A color guard comprised of sailors and Marines from the 31st Marine Expeditionary Unit stands at attention during a ceremony to commemorate the 58th anniversary of the Battle of Iwo Jima. (Courtesy USS Essex)

Hundreds of sailors and Marines serving in Japan held a solemn ceremony last week in remembrance of the men who fought and died in the battle of Iwo Jima.

The 58th Anniversary Commemoration of the Battle of Iwo Jima ceremony, attended by the crew and Marines from 31st Marine Expeditionary Unit, was staged in the hangar bay of the massive amphibious assault ship USS Essex, according to an Amphibious Group ONE statement.

A distant backdrop, visible from the hangar bay, was Mount Suribachi, where servicemembers raised the American flag during the battle. “Seeing the American flag flying over the highest ground on the island boosted the Marines’ morale, and the attack continued,” said Marine Capt. Charles Smith of the 31st MEU, Battalion Landing Team, the keynote speaker.

“Despite the horrific conditions that existed, it was the indomitable fighting spirit of our forefathers here on Iwo Jima that added to an already illustrious reputation as being the most feared combat team history has ever known.”

The Essex Amphibious Ready Group — the Essex, USS Fort McHenry, USS Harpers Ferry and USS Juneau — spent the week steaming off the small island’s coast about 700 miles east of the mainland.
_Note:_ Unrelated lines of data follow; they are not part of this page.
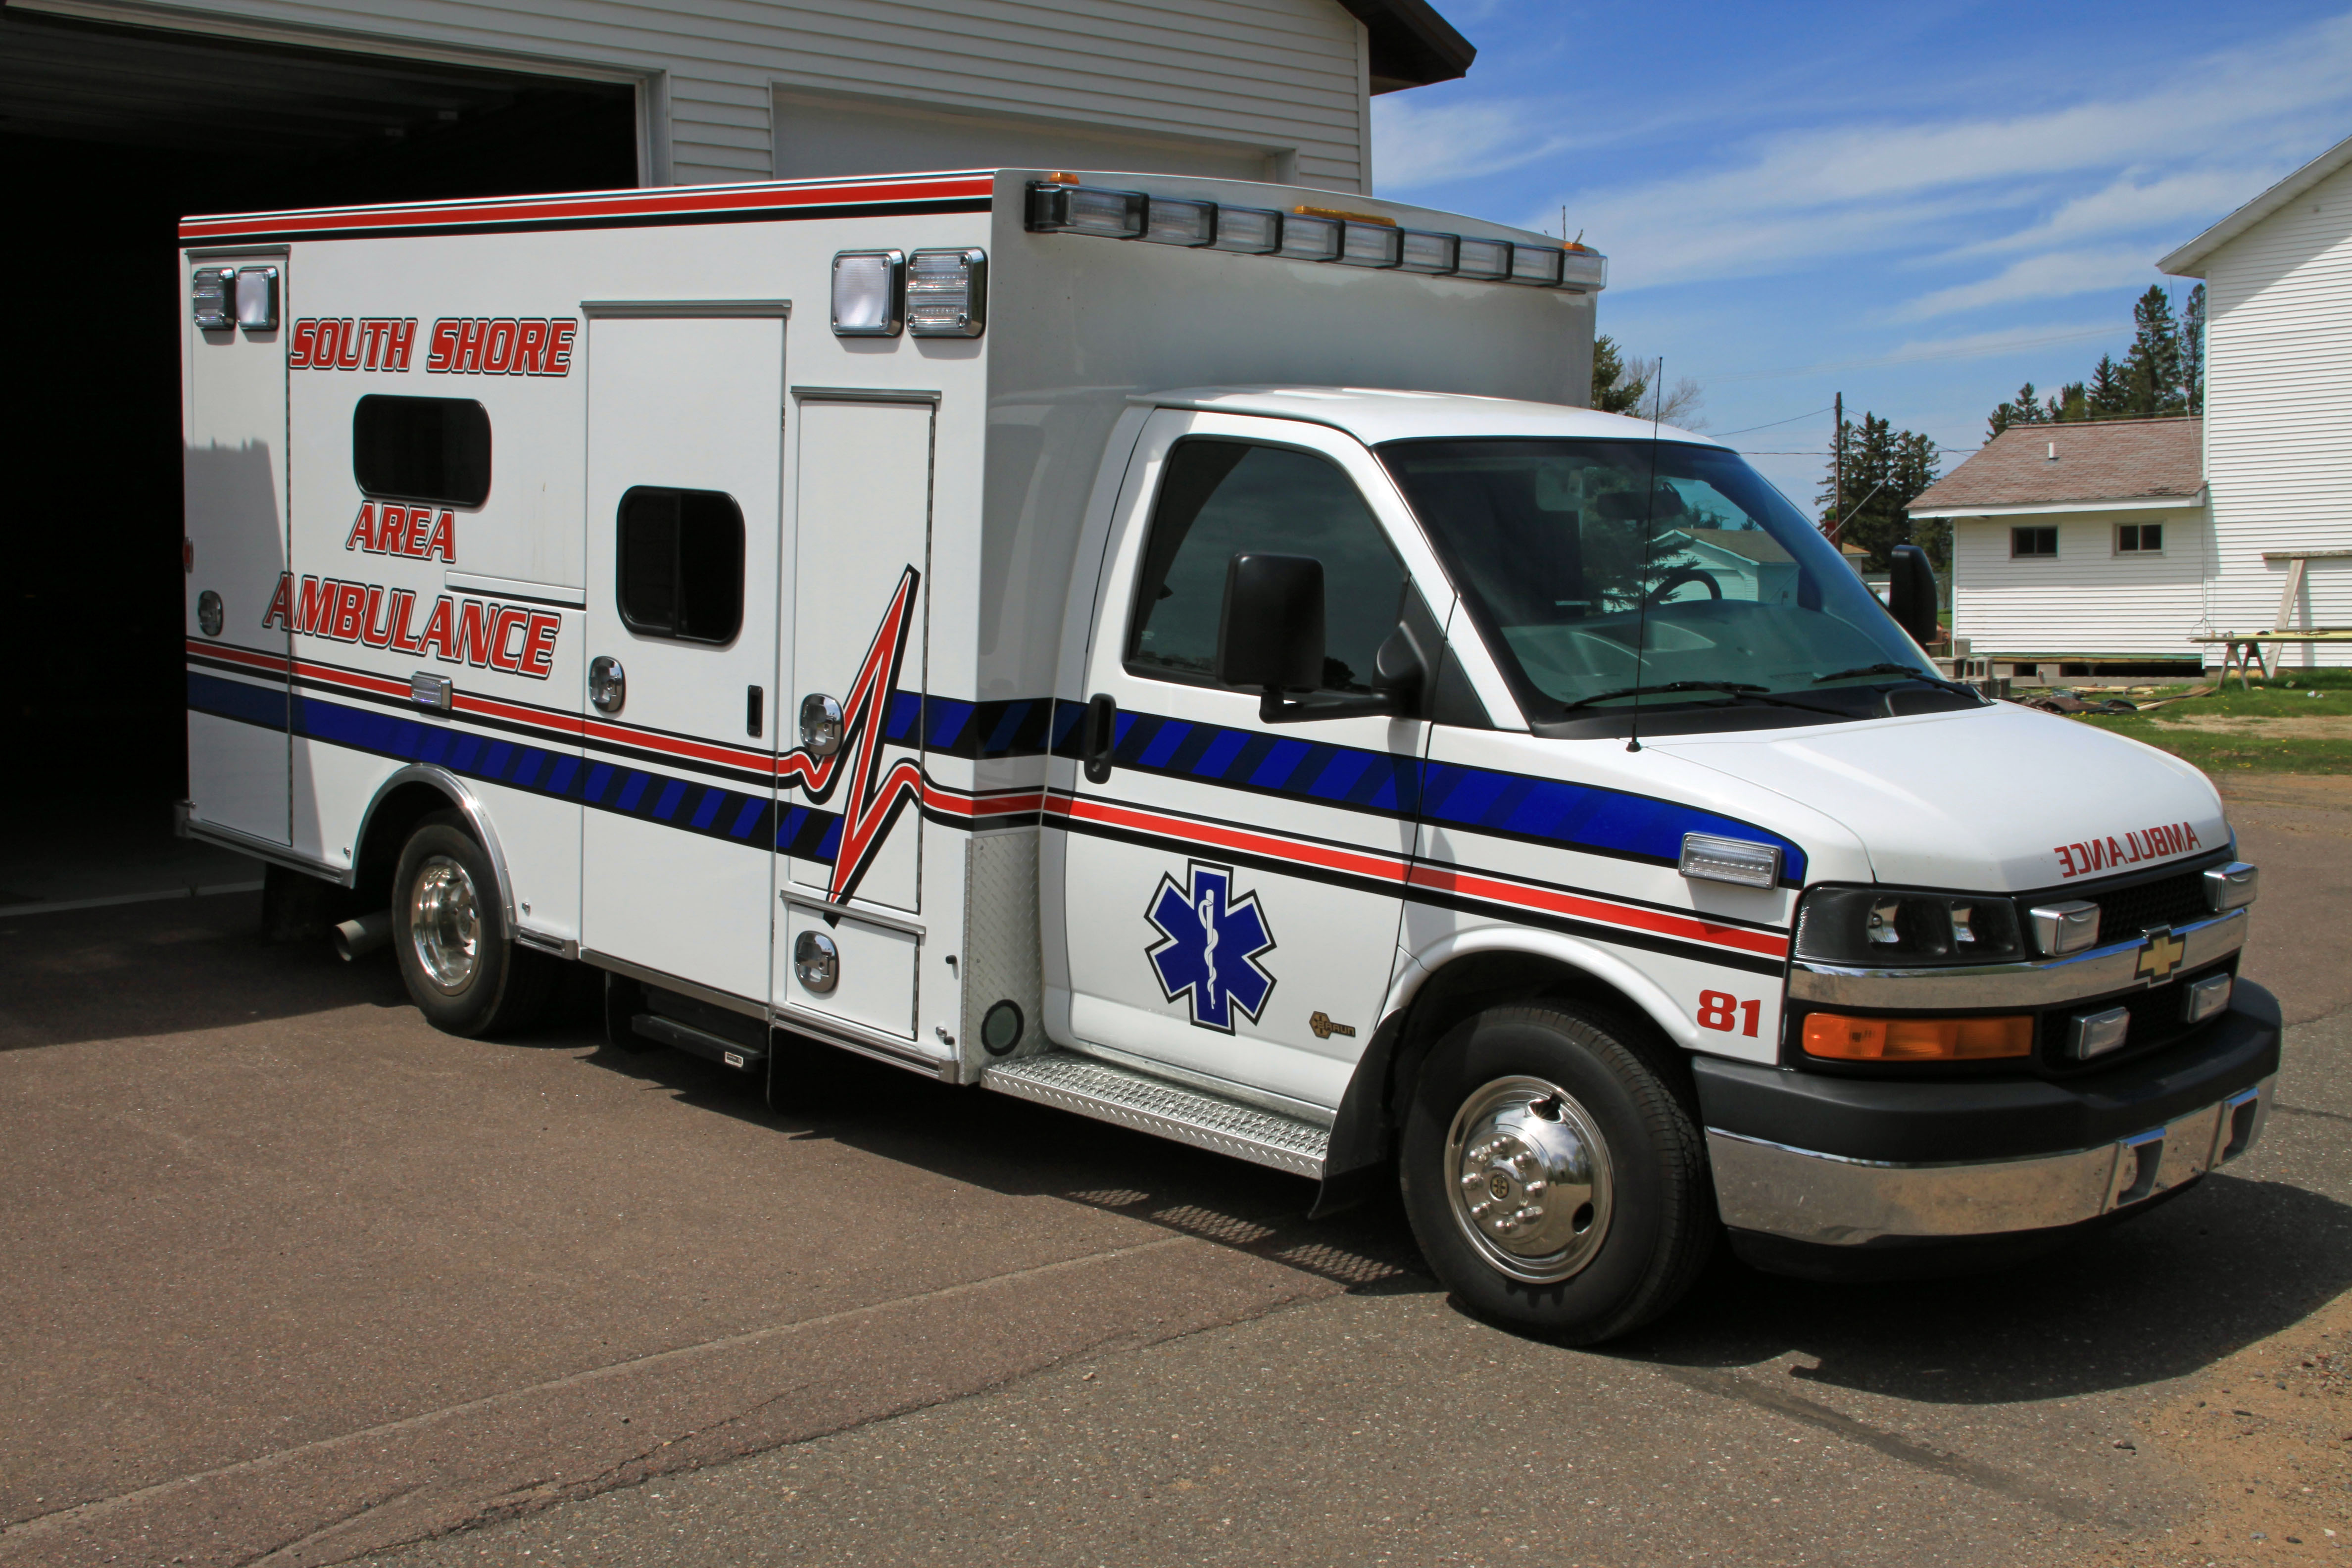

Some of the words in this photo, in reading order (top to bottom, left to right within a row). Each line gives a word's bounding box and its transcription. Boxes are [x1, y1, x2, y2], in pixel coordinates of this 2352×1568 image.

[290, 317, 418, 372] SOUTH
[427, 317, 578, 377] SHORE
[345, 500, 456, 564] AREA
[262, 572, 561, 681] AMBULANCE
[1697, 989, 1761, 1038] 81
The hangar bay commemoration coincided with an island ceremony attended by veterans of the battle.

The ships were in the area after a combat deployment to the Philippines that the Pentagon announced last month but which was postponed after Manila officials said no other nation could conduct combat operations there without a specific treaty.

Iwo Jima was the site of World War II’s largest sustained aerial offensive in the Pacific. The United States also sent more than 110,000 Marines in 880 ships in what became the Pacific campaign’s largest invasion force.
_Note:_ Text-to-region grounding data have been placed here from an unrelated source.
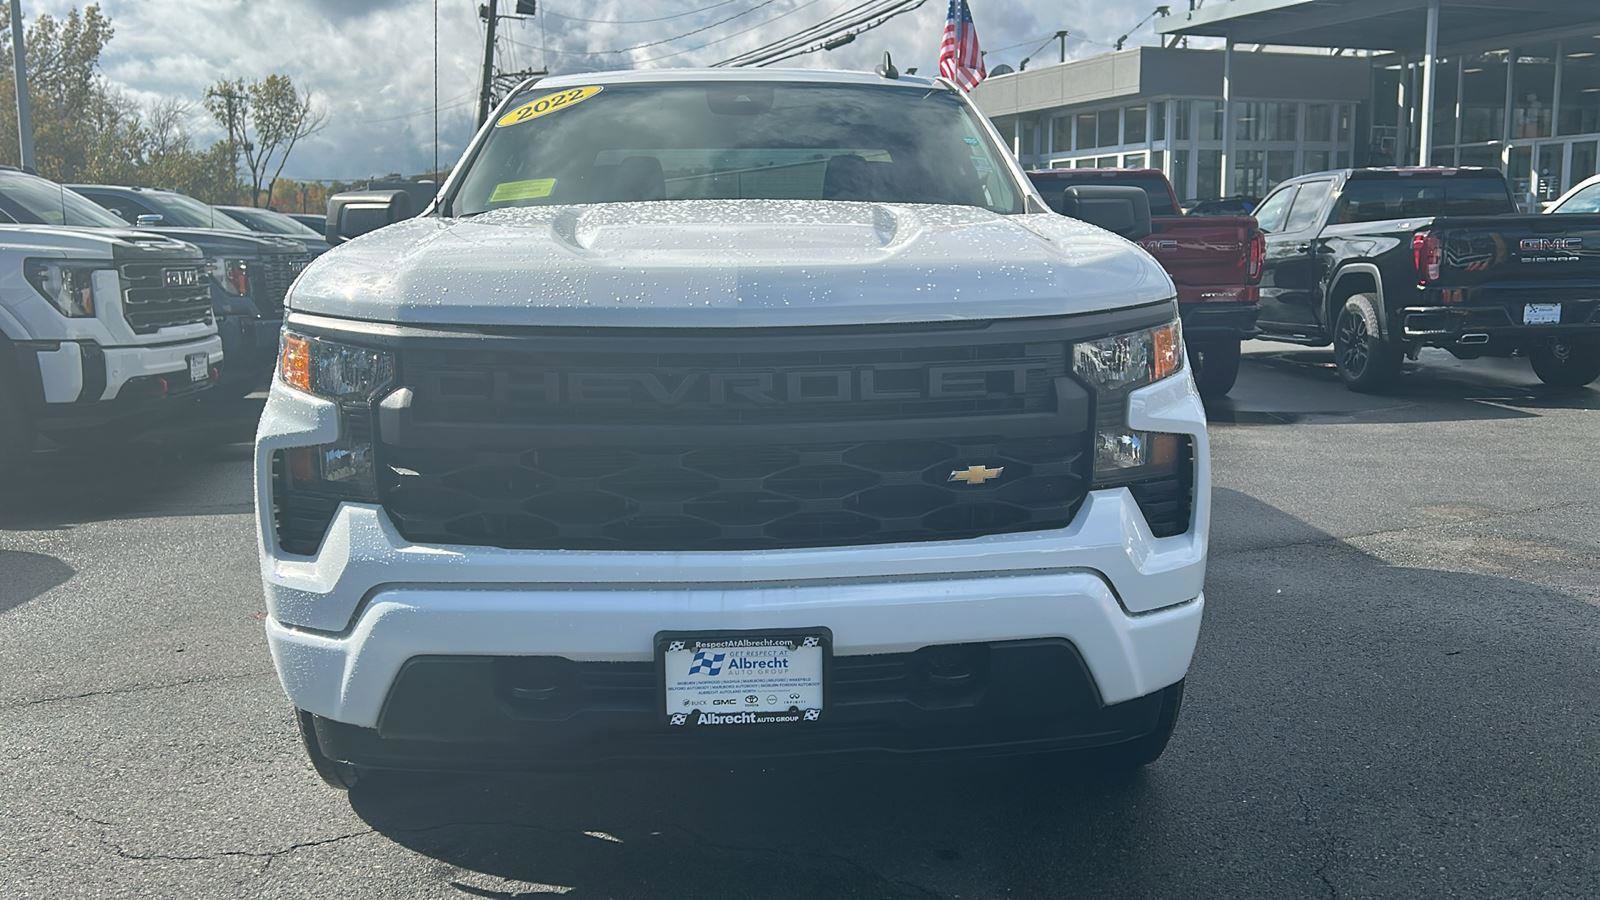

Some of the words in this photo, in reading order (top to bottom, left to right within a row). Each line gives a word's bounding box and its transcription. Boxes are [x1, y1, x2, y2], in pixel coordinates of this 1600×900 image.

[517, 89, 584, 120] 2022
[1520, 238, 1582, 250] GMC
[424, 362, 1047, 404] CHEVROLET
[695, 638, 793, 649] RespectAtAlbrecht.com
[728, 657, 788, 669] Albrecht
[697, 712, 756, 724] Albrecht
[776, 715, 799, 723] GROUP
Breaking through and bringing the island under U.S. control took 36 days of fighting and resulted in more than 25,000 American casualties.
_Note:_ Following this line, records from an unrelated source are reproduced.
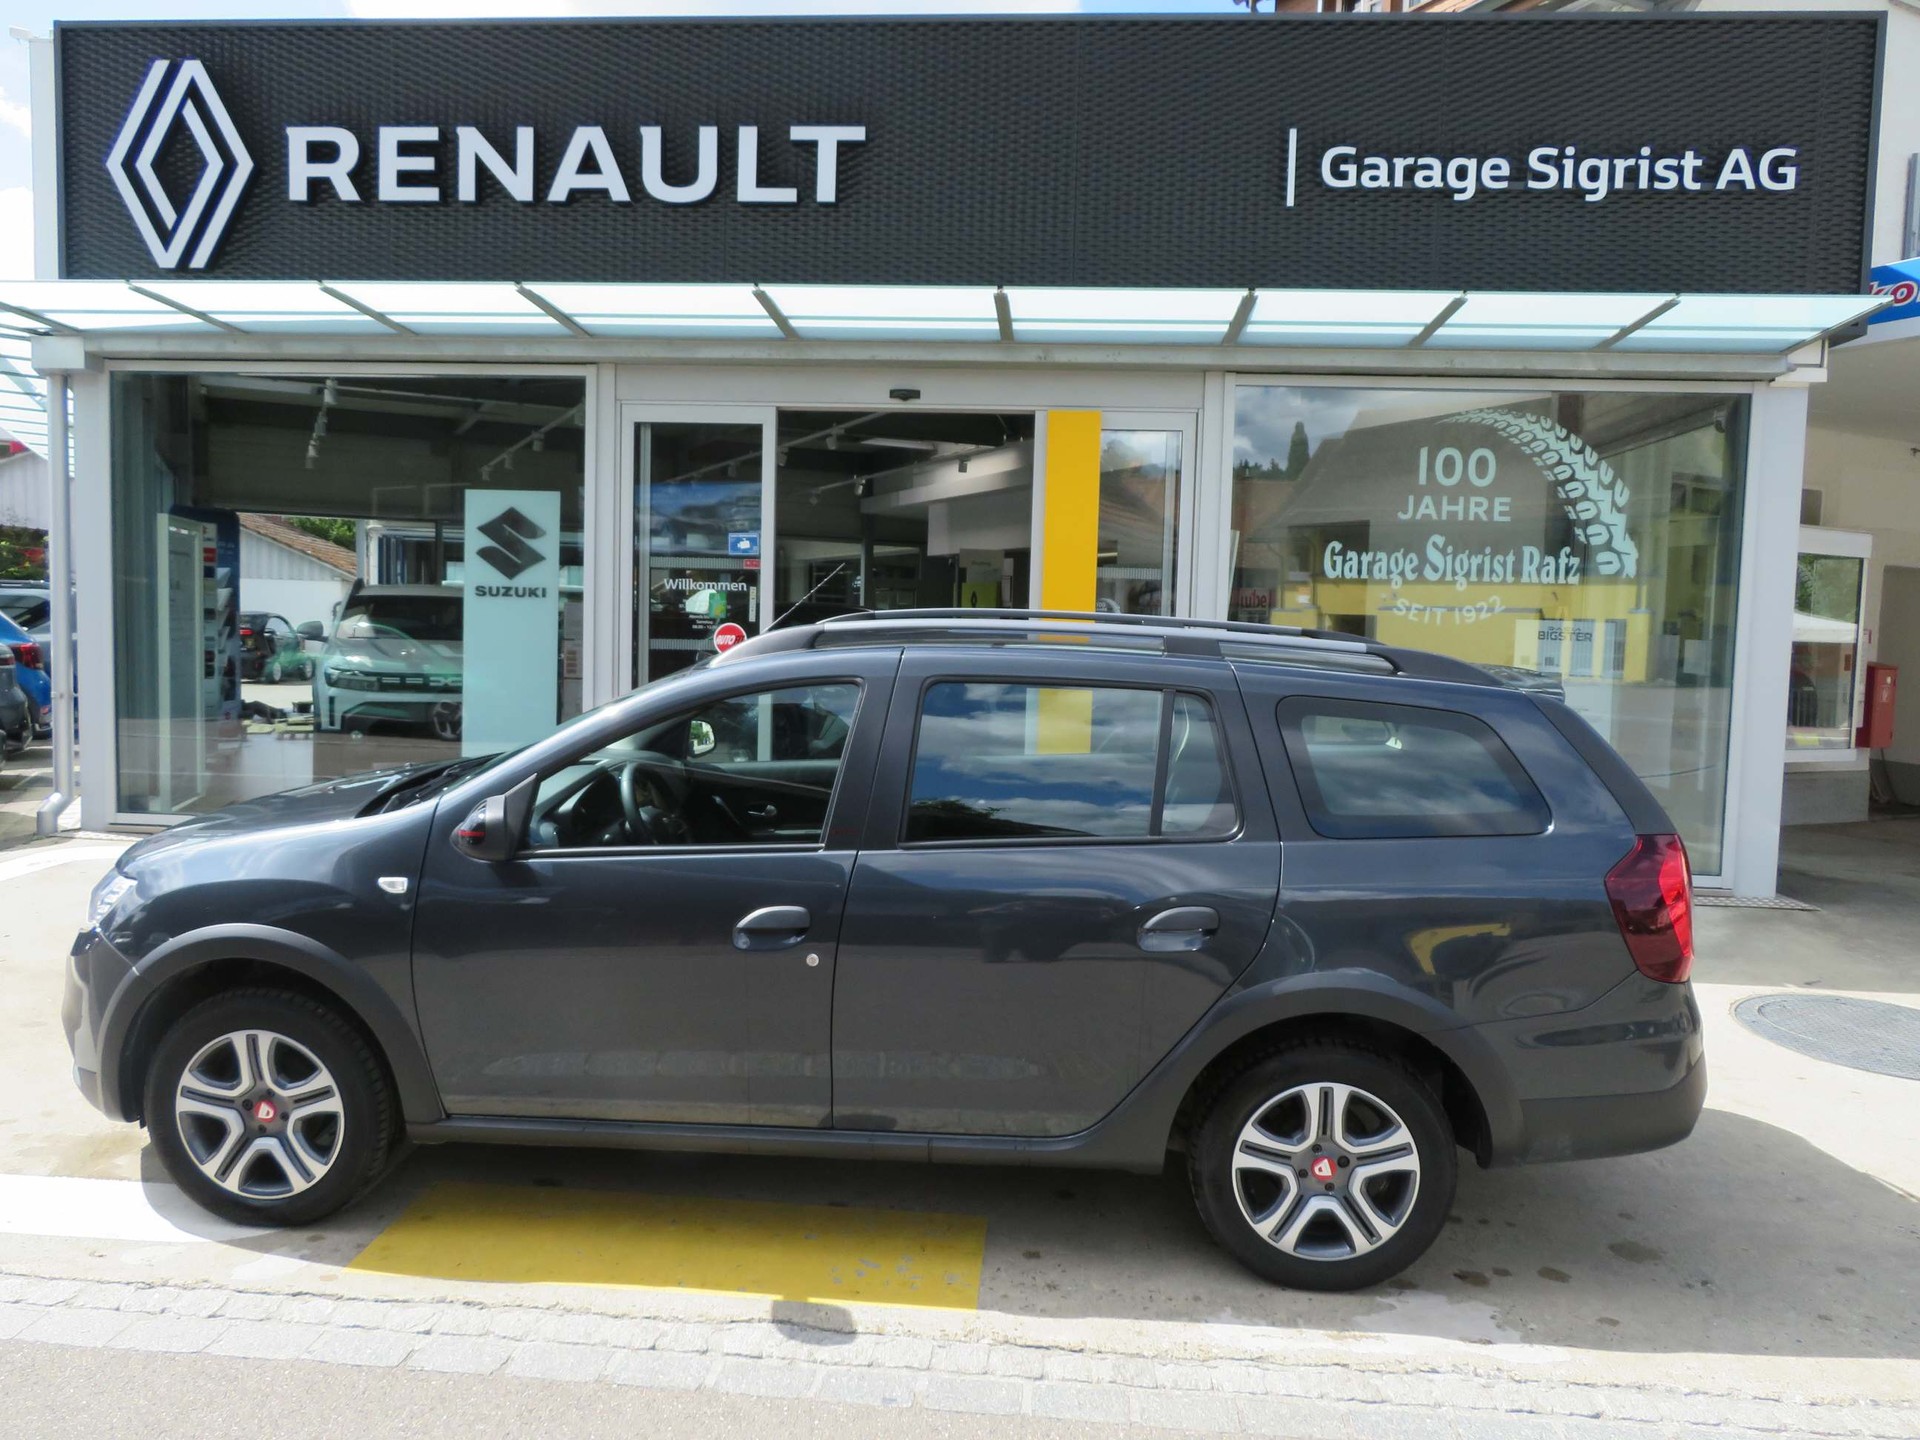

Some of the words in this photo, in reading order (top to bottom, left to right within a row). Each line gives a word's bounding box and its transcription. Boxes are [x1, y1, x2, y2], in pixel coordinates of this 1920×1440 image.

[286, 125, 867, 203] RENAULT
[1320, 146, 1511, 202] Garage
[1527, 146, 1702, 203] Sigrist
[1715, 147, 1799, 192] AG
[1417, 446, 1497, 487] 100
[1397, 495, 1512, 522] JAHRE
[1323, 540, 1420, 589] Garage
[1422, 533, 1516, 592] Sigrist
[1520, 545, 1582, 585] Rafz
[475, 585, 547, 598] SUZUKI
[664, 579, 747, 591] Willkommen
[1392, 598, 1443, 626] SEIT
[1453, 595, 1506, 625] 1922
[1537, 630, 1593, 642] BIGSTER
During the reverent observance, 10 sailors and Marines passed the flag to each other while Chief Petty Officer Vick Smith read “Olde Glory.”

“These patriots fought for the same principles to which we commit ourselves today,” Capt. Ronald Evans, the Essex’s skipper, said. “It is our duty as American fighting men and women to honor them by encompassing in all that we do, the same courage and spirit of determination they exhibited 58 years ago.”

“Taps” echoed through the hangar bay as the ceremony concluded.